In an attempt to rekindle their relationship, the two of them spend an entire evening with the kids sleeping over at Grandma's house so they can reconnect sexually. Again… there are some choices made in these scenes that strike me as very honest. It's not just like flipping a switch for them. They try, but they can't just jump right back in because they've forgotten how to turn off the rest of the world so they can just get lost in each other. Annie's the one who suggests filming themselves having sex, and she even comes up with a framework for them to shoot.

So far, so good. What's weird is how I feel like this movie is so deeply dated because of the way things unfold. It is tied to a particular moment in consumer electronics, but that's the only way the premise works at all. Jay accidentally syncs his iPad to all the iPads he's given out as gifts over the years (they make sense of that in the movie, but it's still a labored idea), and he and Annie spend one long night trying to keep anyone from seeing the footage.

And here's where it starts to run into trouble, because the film wants to be wild and dark and crazy, but it's also a big studio summer movie, and so it feels like it flirts with truly insane material, but without ever really committing to it. It means the film feels like it sort of struggles to find its footing in terms of tone, and I'm not sure it can. By this time, Segel and Stoller are good enough as writers to be able to try to bring real emotion to the table when writing characters in movies like this, and Jake Kasdan has always struck me as a filmmaker who loves making comedies, but who also believes in digging just that little bit deeper. I'll say this… the film is genuinely dirty, and that's to its advantage. I wish we could be more frank in terms of language and topic in discussing sexuality on film, because there's so much value to being open about that stuff. It's still the thing that we seem to have the most trouble getting right in movies, which is crazy, since sex is such a fundamental part of the fabric of daily life.

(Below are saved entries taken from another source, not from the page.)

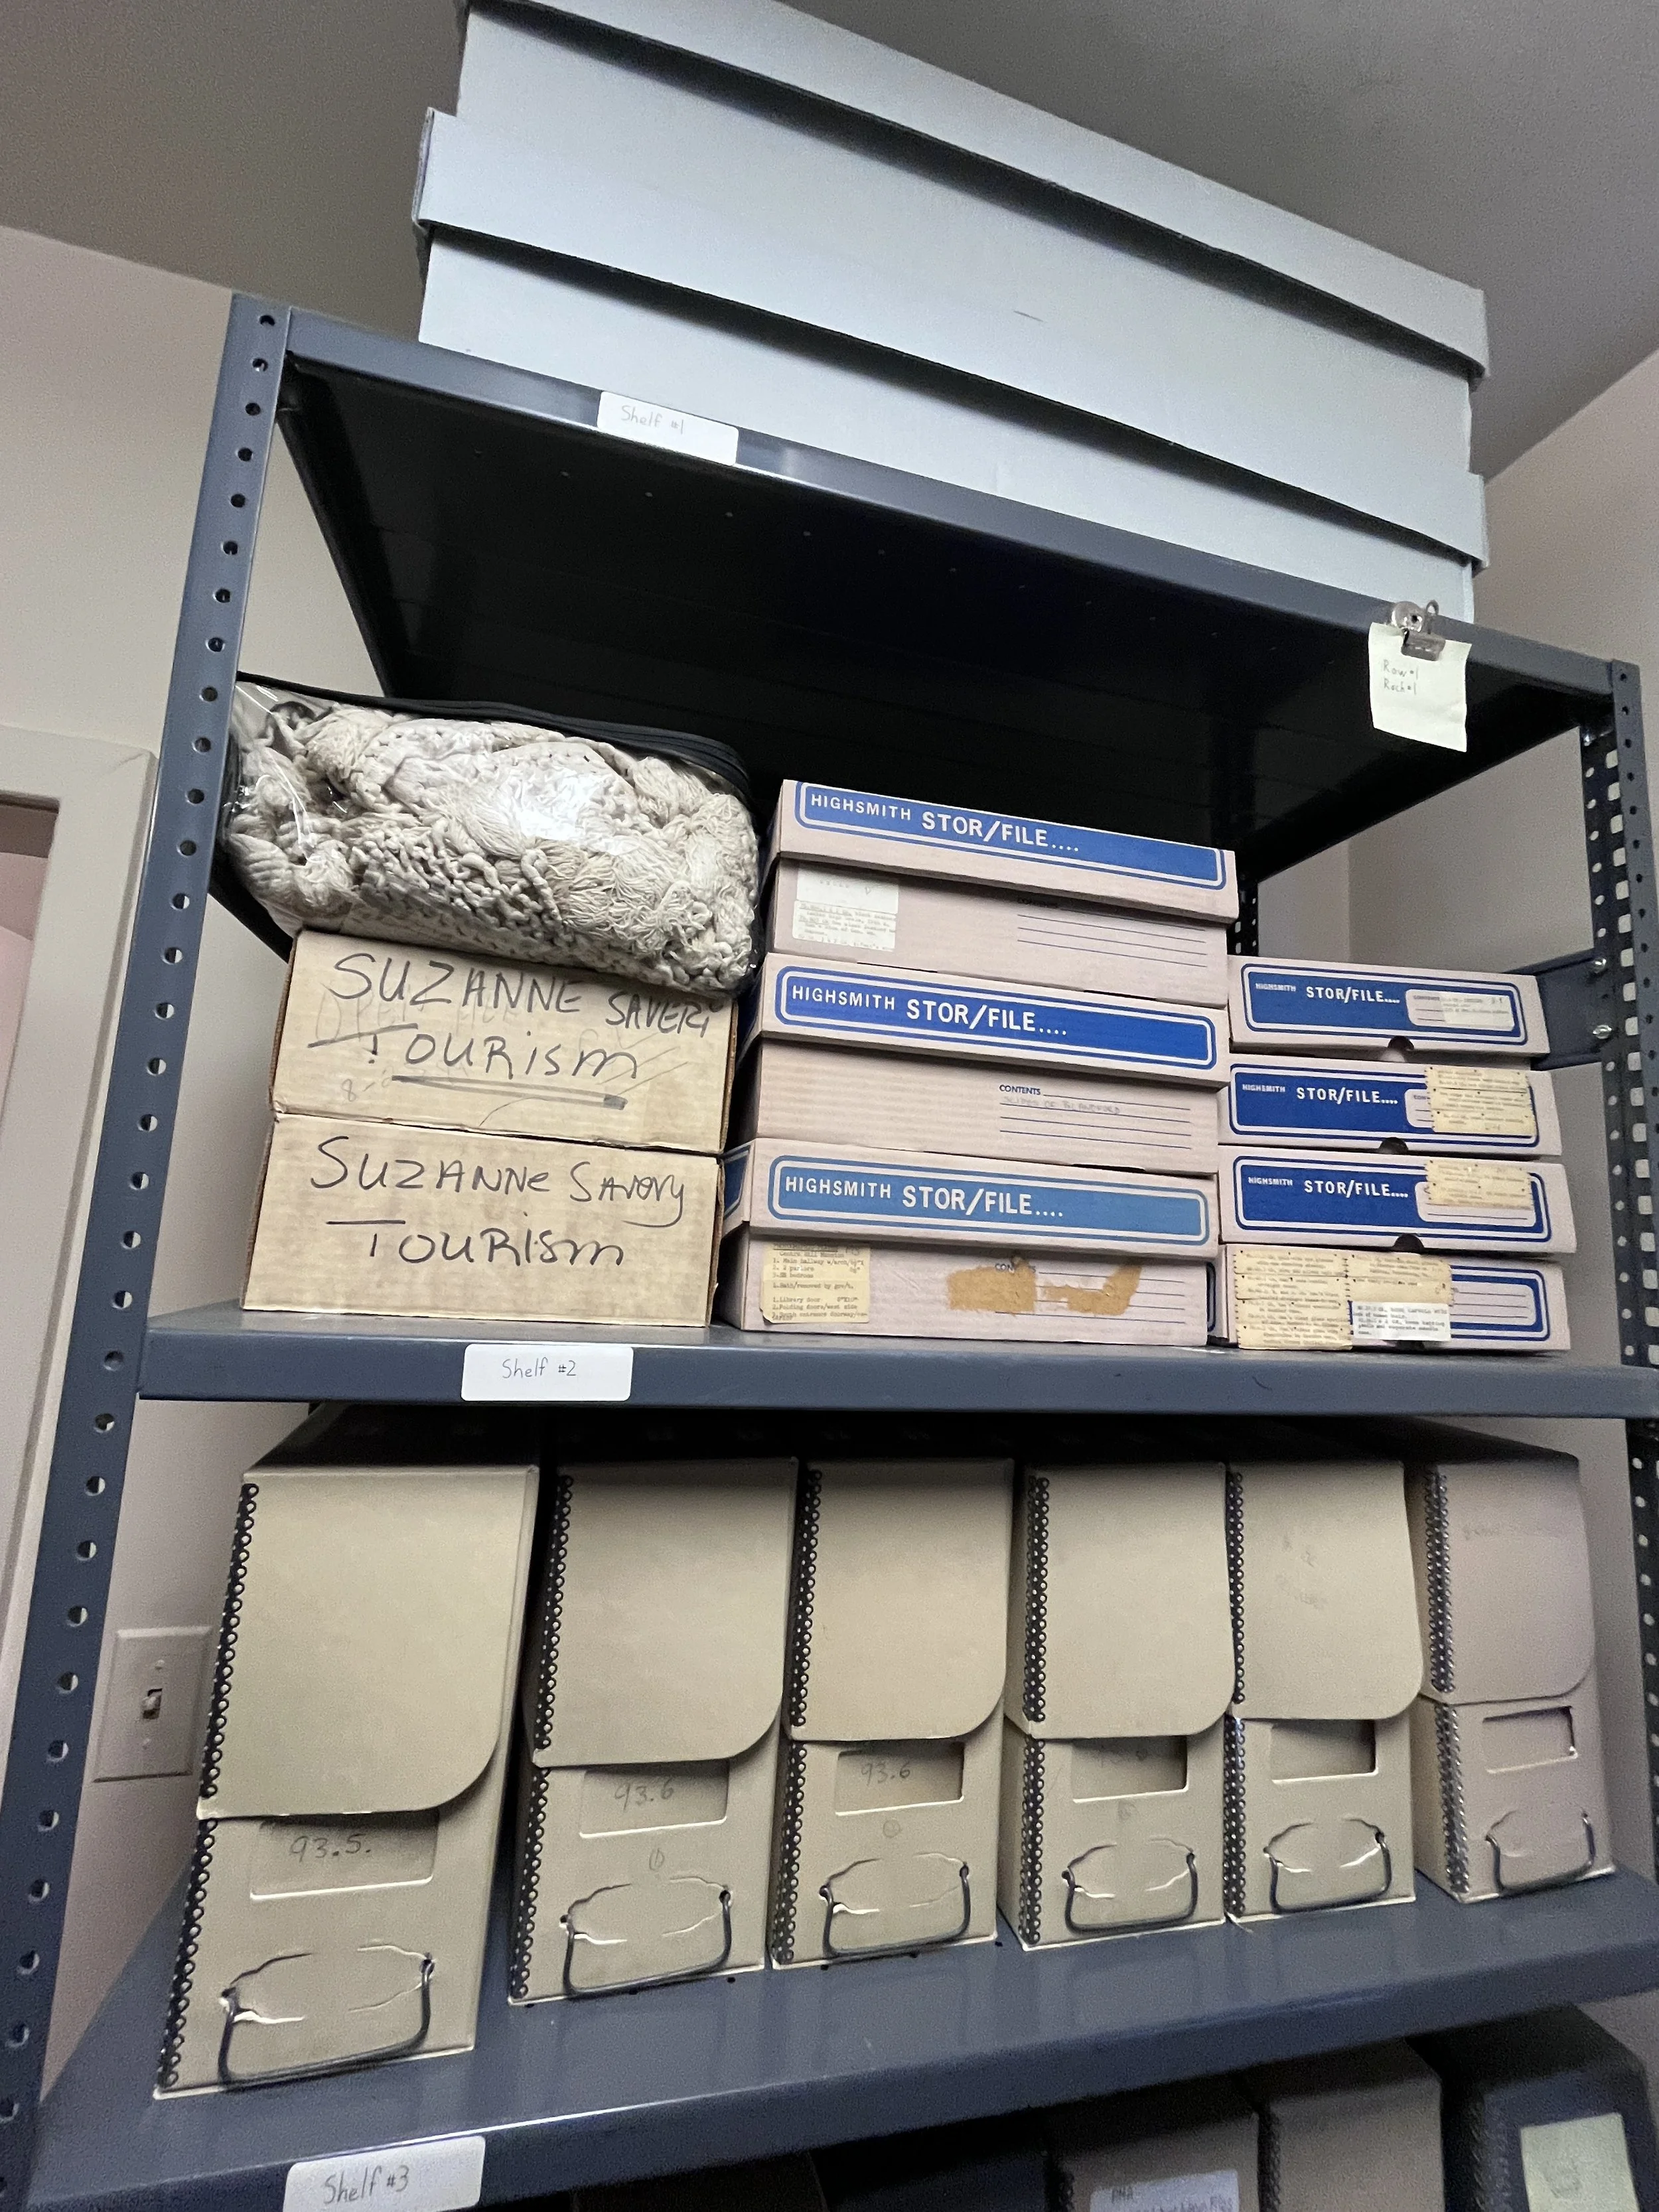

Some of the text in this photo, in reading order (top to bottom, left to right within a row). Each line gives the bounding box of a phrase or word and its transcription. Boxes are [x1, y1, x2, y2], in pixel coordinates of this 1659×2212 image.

[621, 404, 684, 435] Shelf #1
[811, 794, 912, 821] HIGHSMITH
[334, 952, 581, 1013] SUZANNE
[1256, 983, 1296, 992] HIGHSMITH
[792, 986, 895, 1010] HIGHSMITH
[999, 1084, 1041, 1095] CONTENTS
[1242, 1084, 1285, 1092] HIGHSMITH
[786, 1176, 891, 1199] HIGHSMITH
[1248, 1177, 1293, 1186] HIGHSMITH
[502, 1357, 577, 1379] Shelf #2
[614, 1776, 675, 1811] 93.6
[323, 2164, 410, 2205] Shelf #3
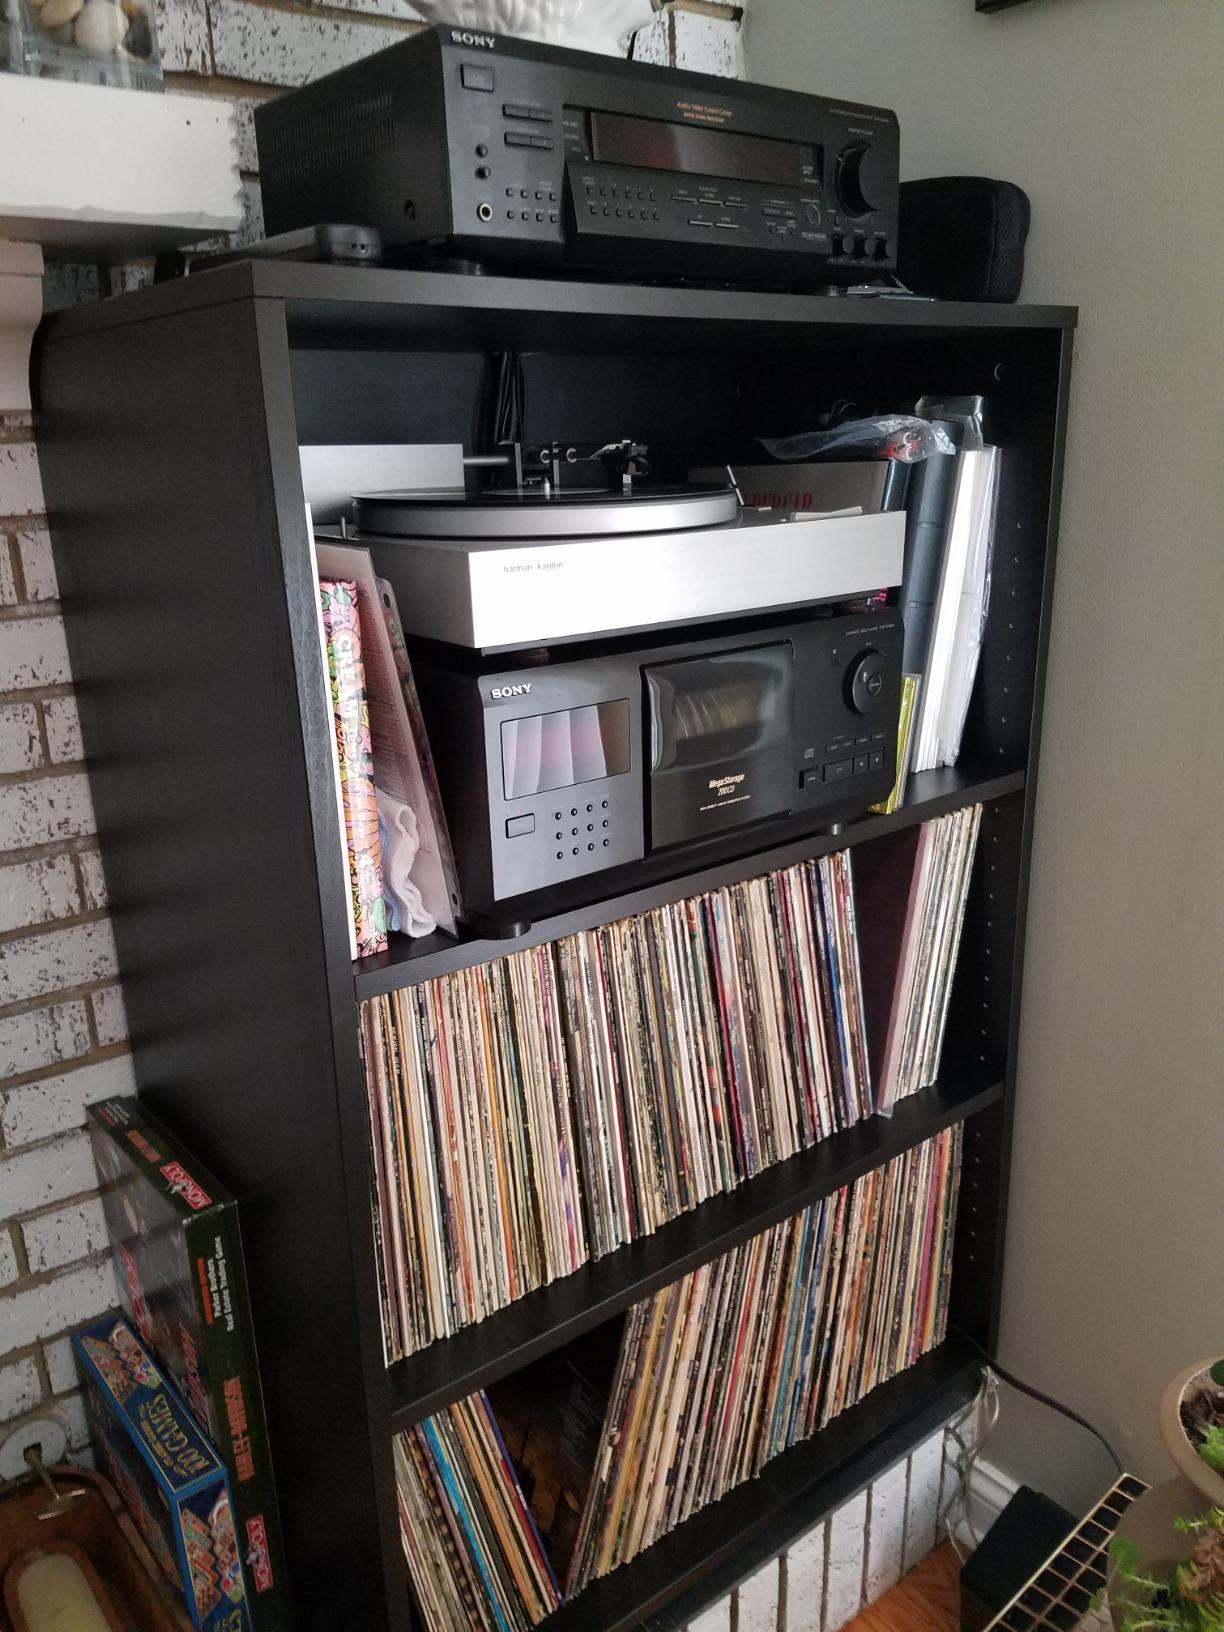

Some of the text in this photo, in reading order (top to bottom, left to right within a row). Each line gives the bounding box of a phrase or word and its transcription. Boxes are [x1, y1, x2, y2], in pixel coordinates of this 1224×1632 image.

[450, 31, 496, 49] SONY
[503, 561, 564, 574] harman kardon
[336, 634, 359, 717] CREAM
[491, 683, 532, 699] SONY
[207, 1258, 218, 1292] Brothers
[214, 1235, 235, 1332] Real Estate Trading Game
[148, 1393, 190, 1453] GAMES
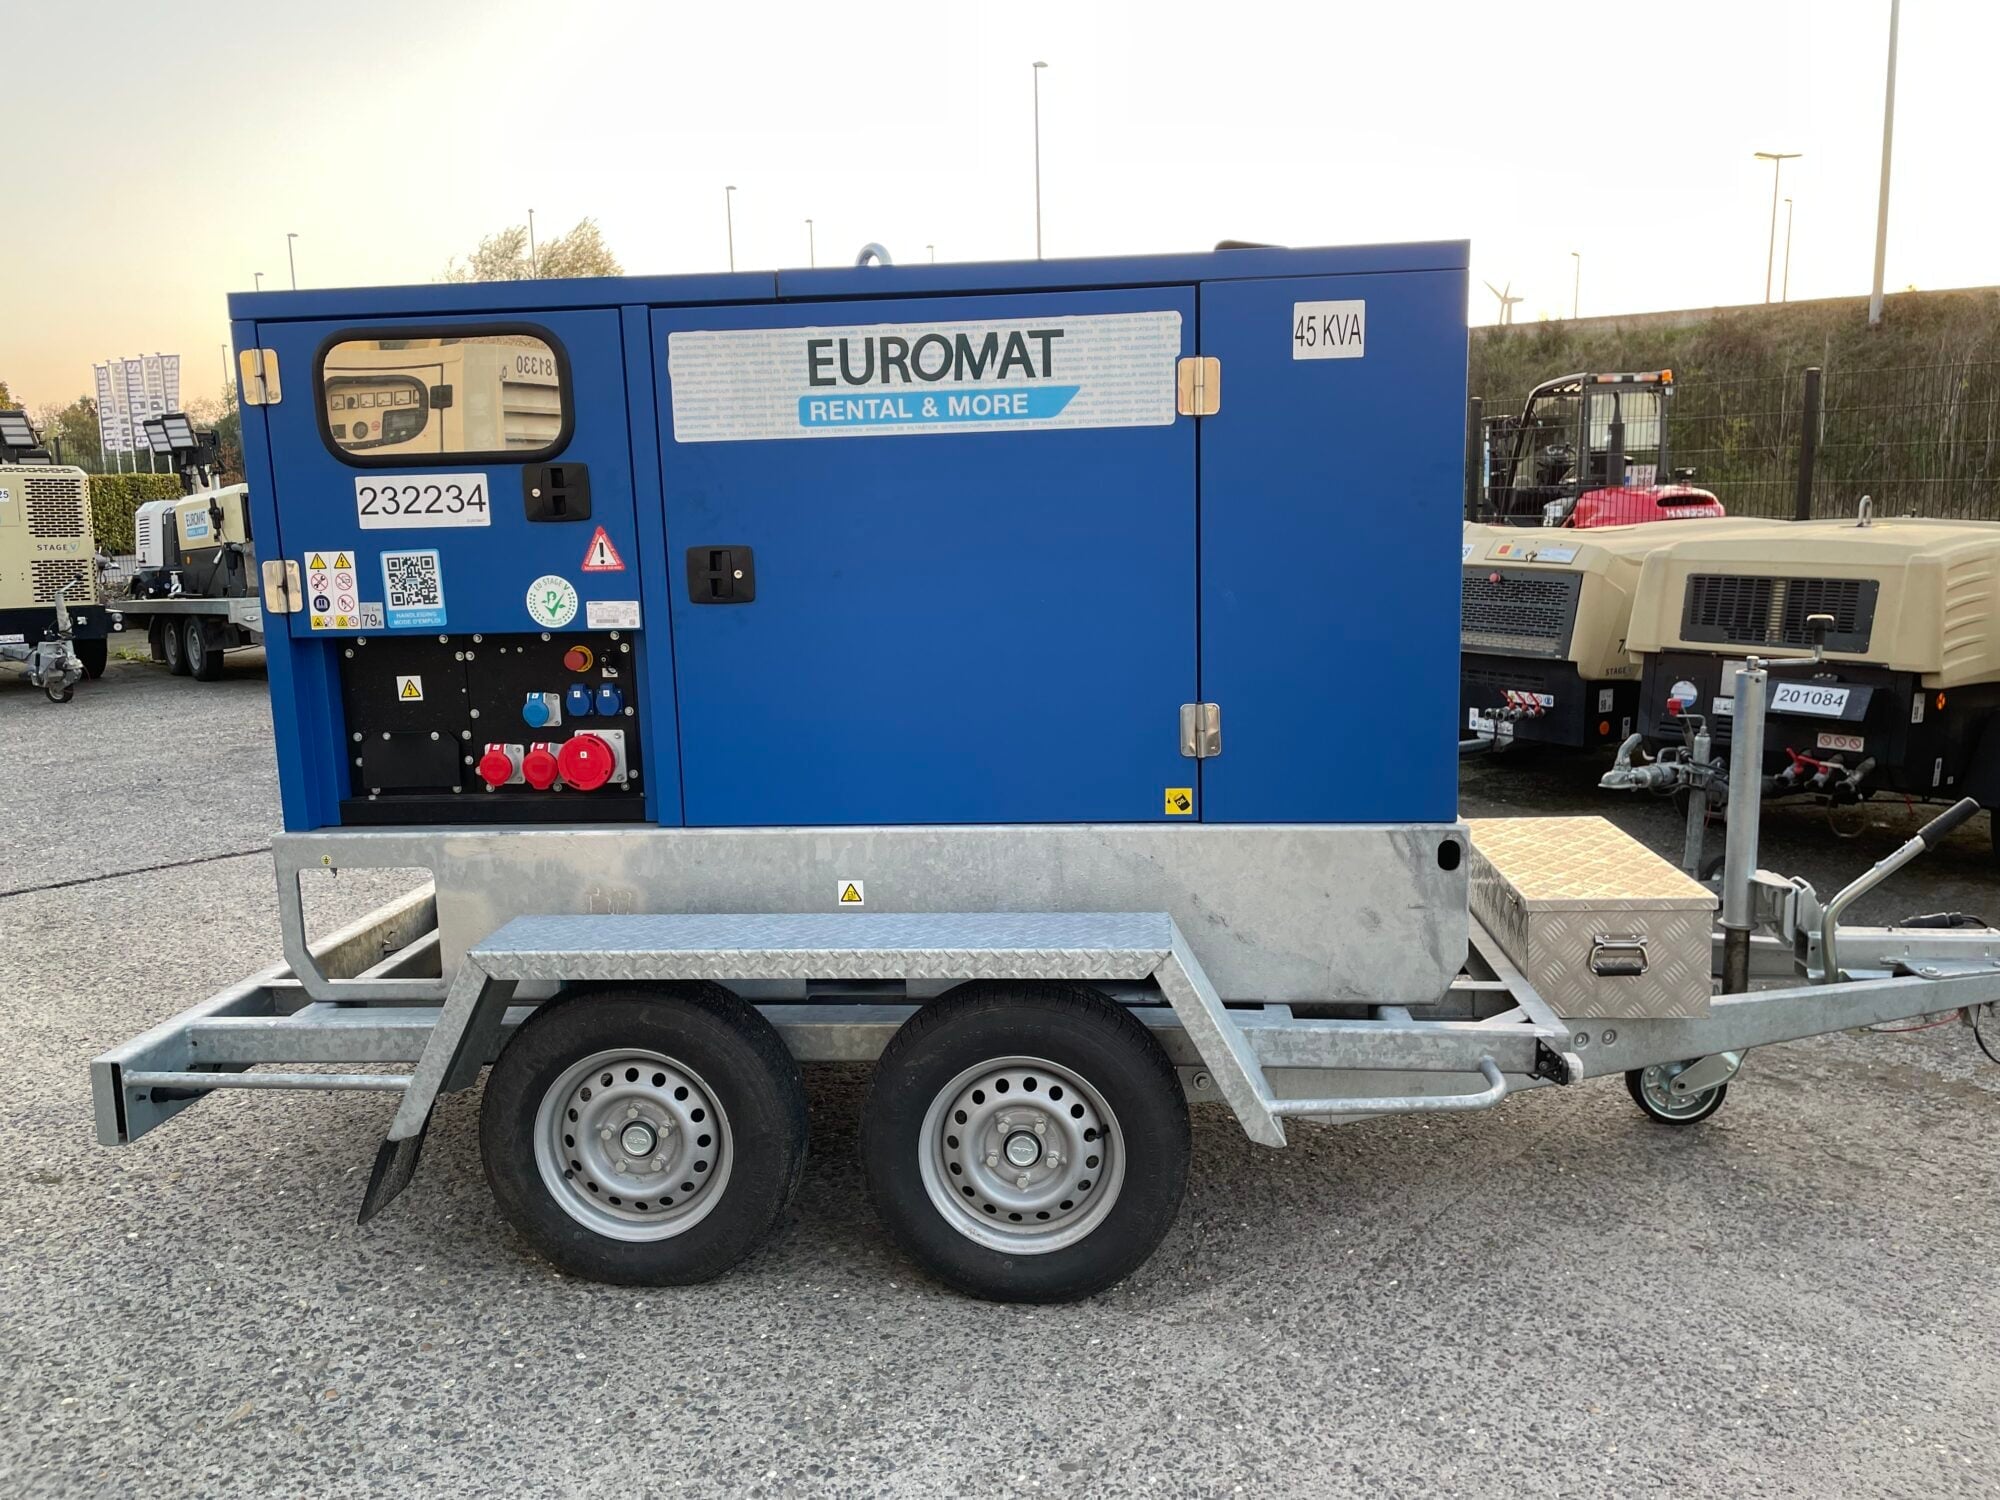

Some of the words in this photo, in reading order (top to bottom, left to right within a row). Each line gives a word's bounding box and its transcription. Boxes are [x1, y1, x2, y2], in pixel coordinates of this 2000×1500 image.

[1295, 315, 1316, 347] 45
[1323, 313, 1362, 346] KVA
[807, 328, 1065, 387] EUROMAT
[809, 397, 913, 422] RENTAL
[921, 396, 940, 418] &
[948, 392, 1029, 417] MORE
[359, 484, 486, 515] 232234
[362, 613, 378, 627] 79
[1779, 688, 1844, 708] 201084

Rob Corddry and Ellie Kemper play their best married couple friends, Robby and Tess, and when I complained in my review of “Tammy” about how there's basically no writing for the supporting characters, it was because they simply didn't make room for the good actors they hired to do anything. Here, Corddry and Kemper get to try for their own laughs, and Rob Lowe comes in playing the guy who runs the company that might buy Annie's blog, and he gets one big sequence where he really gets to swing for the fences. Even with this many talented people, along with Segel and Diaz both doing everything they can, I feel like the movie never really gets going the right way. If farce doesn't feel nimble, it can be deadly. It's one of the hardest things to get right. “Sex Tape” tries hard to impart a sense of urgency, and when it stops occasionally to try to create a very real human moment between Jay and Annie, it only serves to feel more calculated.

In terms of production value, it's a good-looking movie, and Kasdan keeps it moving. It's just over 90 minutes, and it flies by. I think the last ten minutes or so almost manage to get the film back on track, but by that point, it's run almost completely out of gas. It's a shame. Everything was in place for this one to work, and the cast couldn't possibly be more game. Just goes to show that even the most talented group can sometimes fail to figure out how to make something work.

“Sex Tape” opens everywhere on Friday.